In una parola, nel tempo. Il tempo che le persone spendono per fare mille cose, e che viene catturato dalle piattaforme di rete. Perché tutto passa lì – lavoro, svago, informazione, formazione, socialità, perdita di tempo – e perché ogni settore dell’economia del Web è soggetto ad una condizione di monopolio di fatto, o almeno di oligopolio.
E a rileggere con attenzione il Capitale, guarda caso, emerge proprio questo: il tratto tipico, perfino demoniaco del capitale è l’appropriazione del tempo di vita delle persone, basato sulla separazione – la “scissione”, scrive Marx – tra il lavoro, ovvero l’attività dell’uomo, e i mezzi materiali necessari alla sua realizzazione. Tutto il resto, viene di conseguenza.
Di quale utilità è il pensiero di Marx nella comprensione dei meccanismi che regolano l’economia digitale?
Nell’individuare le tracce dello sfruttamento non nel rapporto economico, ma nel rapporto sociale che, alla radice, organizza i sistemi di produzione. Questo è il Marx che ho utilizzato: molto il sociologo, poco l’economista, per nulla l’ideologo.
Quali strumenti analitici tratti dalle pagine del Capitale contribuiscono a chiarire la filiera del valore sul web?
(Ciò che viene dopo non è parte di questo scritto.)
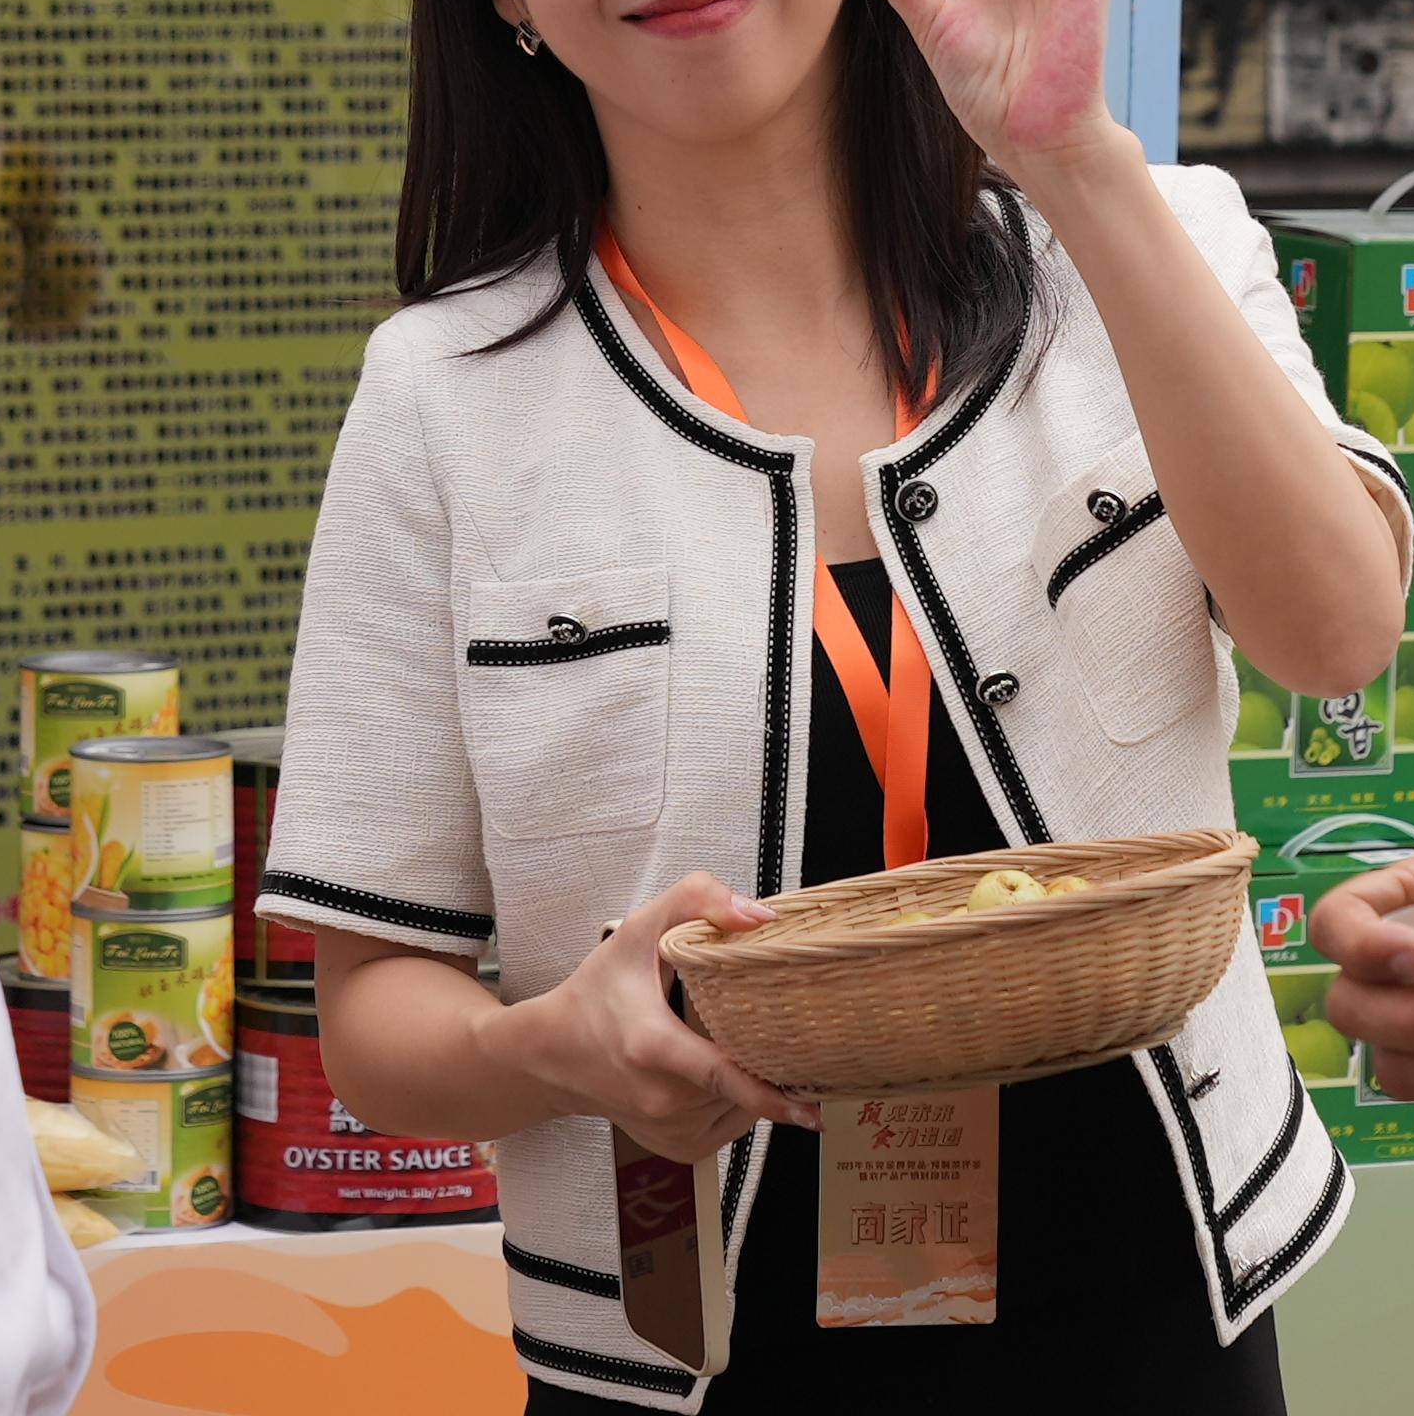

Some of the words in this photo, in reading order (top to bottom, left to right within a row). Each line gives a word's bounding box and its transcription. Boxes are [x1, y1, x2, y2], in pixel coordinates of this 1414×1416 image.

[857, 1101, 956, 1126] 预见未来
[284, 1145, 382, 1172] OYSTER
[389, 1145, 471, 1171] SAUCE
[851, 1201, 969, 1245] 商家证
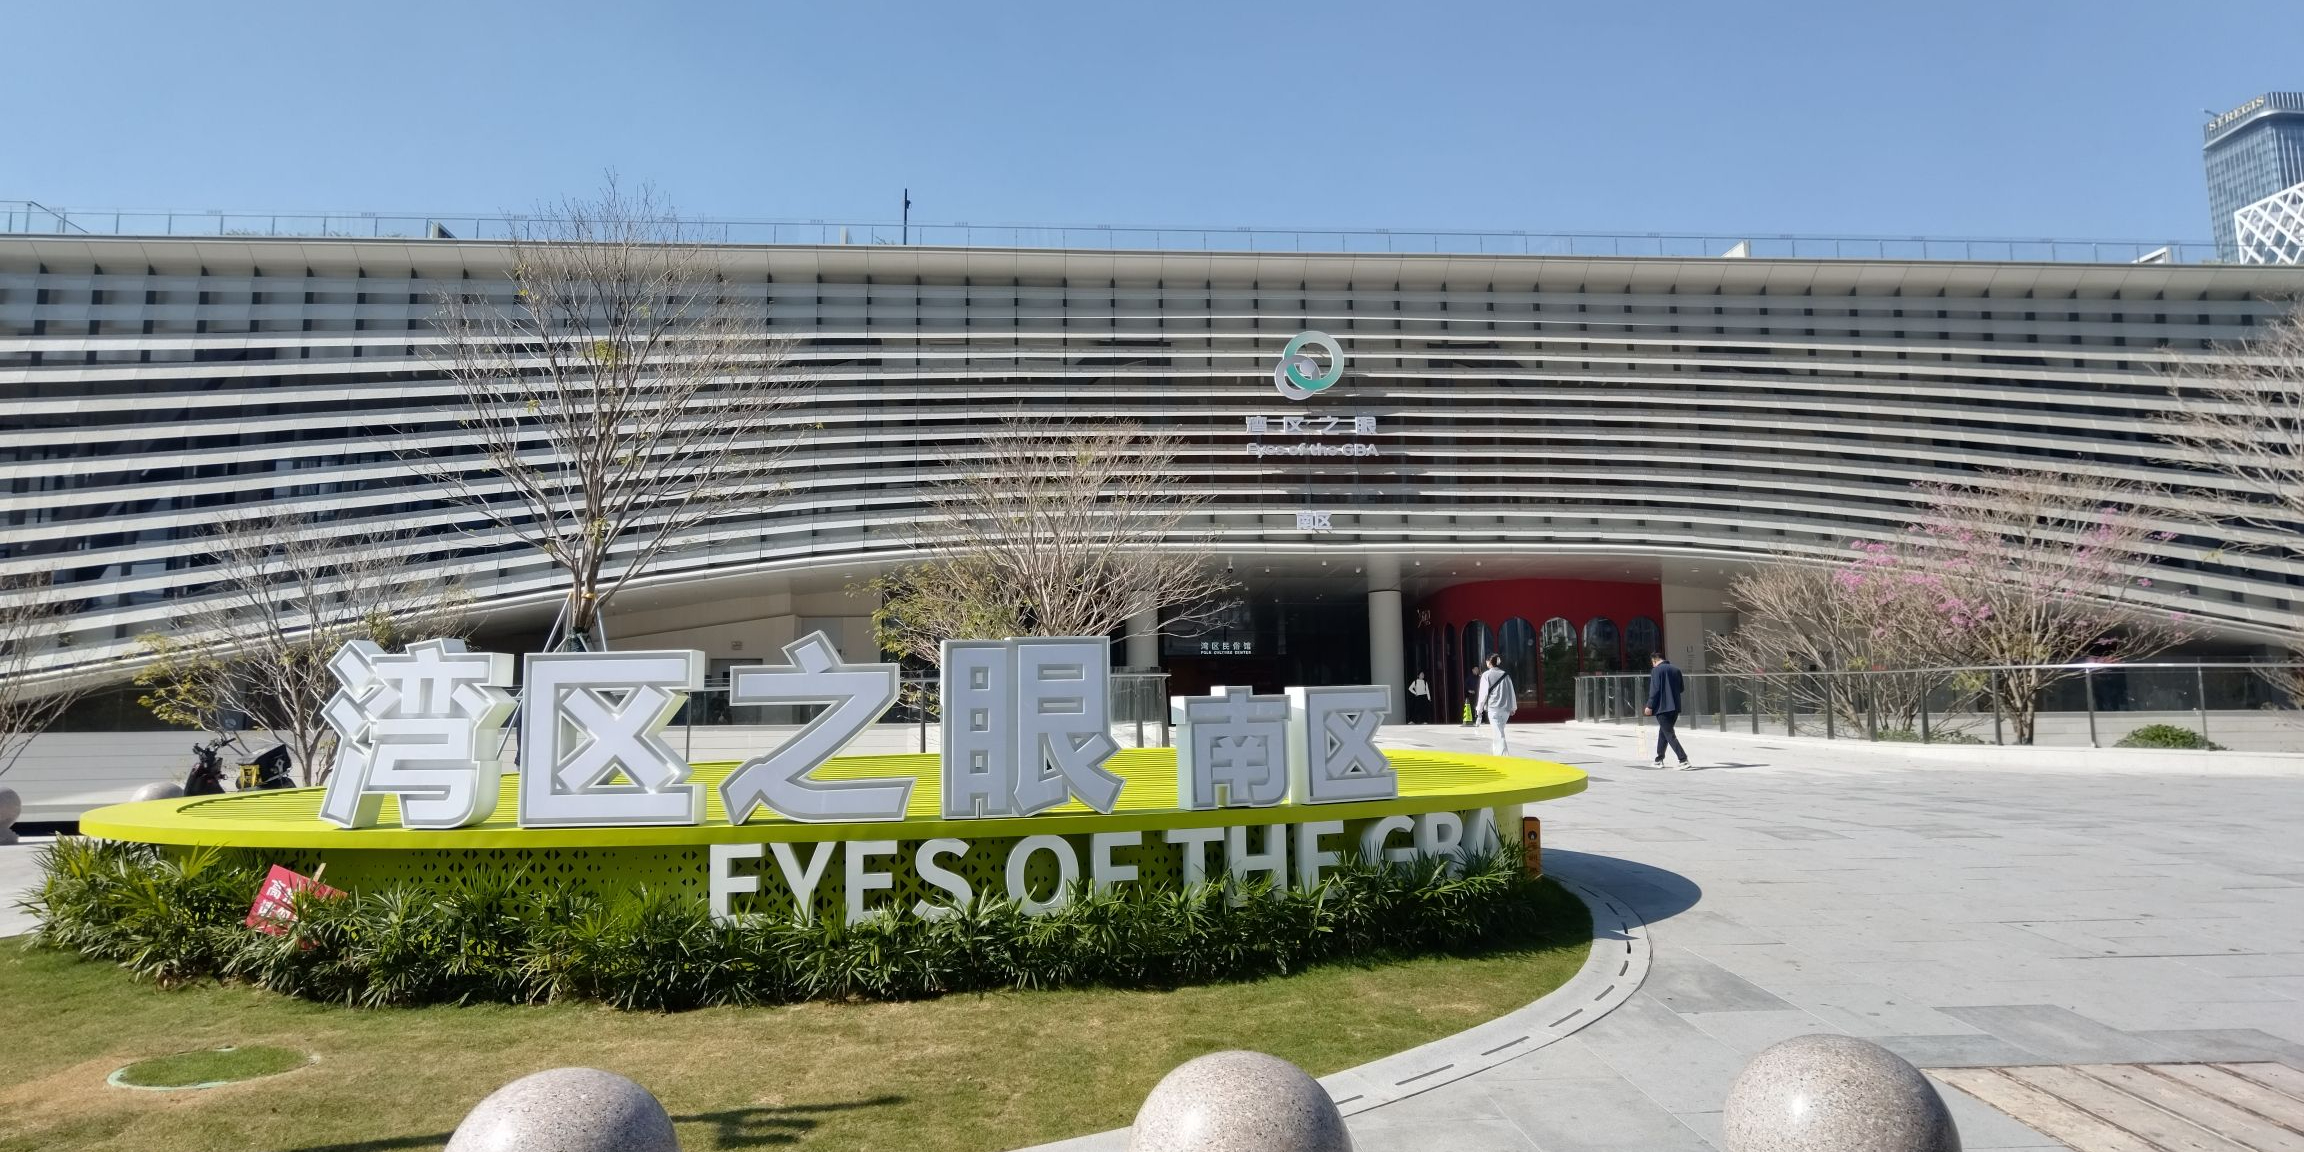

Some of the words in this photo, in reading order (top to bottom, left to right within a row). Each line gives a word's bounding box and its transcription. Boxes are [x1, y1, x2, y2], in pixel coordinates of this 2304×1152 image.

[1247, 443, 1286, 458] Eyes
[1288, 443, 1307, 456] of
[1309, 443, 1338, 456] the
[1341, 443, 1380, 457] GBA
[1296, 511, 1333, 530] 南区
[1200, 641, 1251, 650] 湾区民俗馆
[319, 631, 1126, 829] 湾区之眼
[1171, 685, 1398, 811] 南区
[709, 838, 974, 929] EYES
[1005, 831, 1143, 917] OF
[1162, 820, 1345, 908] THE
Direi alcuni concetti di base, come l’accumulazione originaria, che spiega la separazione tra lavoro e possesso dei mezzi di produzione, e quindi l’alienazione, che ne è una conseguenza. Naturalmente i concetti di plusvalore assoluto e relativo, e quello di rendita. E soprattutto, quella simultaneità tra diversi regimi di estrazione del valore, che prende corpo nel famoso capitolo sesto inedito del libro primo. In sintesi: a dispetto dei luoghi comuni, il capitale per Marx convive con altre forme di sfruttamento, storicamente precedenti al lavoro salariato (che è la forma tipica del capitale) se non arcaiche. Questo concetto consente di vedere l’economia del Web come un sistema integrato – o una filiera del valore, appunto – che congiunge il capitalismo post-industriale dei Big Data a quello moderno del lavoro nelle fabbriche, dove viene costruito l’hardware, fino a quello primitivo dell’estrazione in miniera, necessario a rifornire il mercato dei minerali che alimentano le batterie dei device. Ecco, il capitalismo digitale è una catena globale che congiunge questi diversi livelli, avrebbe detto presumibilmente Marx del mondo di oggi.
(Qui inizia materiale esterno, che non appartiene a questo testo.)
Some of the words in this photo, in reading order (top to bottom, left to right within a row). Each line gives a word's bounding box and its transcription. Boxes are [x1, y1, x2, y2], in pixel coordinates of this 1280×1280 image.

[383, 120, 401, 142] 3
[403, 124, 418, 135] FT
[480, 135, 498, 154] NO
Il web e la sua economia rappresentano dunque l’ultima incarnazione della dialettica dello sfruttamento fissata nel Capitale un secolo e mezzo fa?
Per il momento. Se c’è una cosa che abbiamo imparato, è che il capitale si trasforma appropriandosi di tutti gli spazi, inclusi quelli che prima non erano sottoposti al suo dominio.
Andrea Miconi insegna Sociologia dei Media all’Università IULM di Milano. In precedenza è stato docente presso l’Università della Svizzera Italiana, l’Università degli Studi di Padova e Sapienza Università di Roma. Tra i suoi libri più recenti: Teorie e pratiche del web (2018) e Reti. Origini e struttura della network society (2011).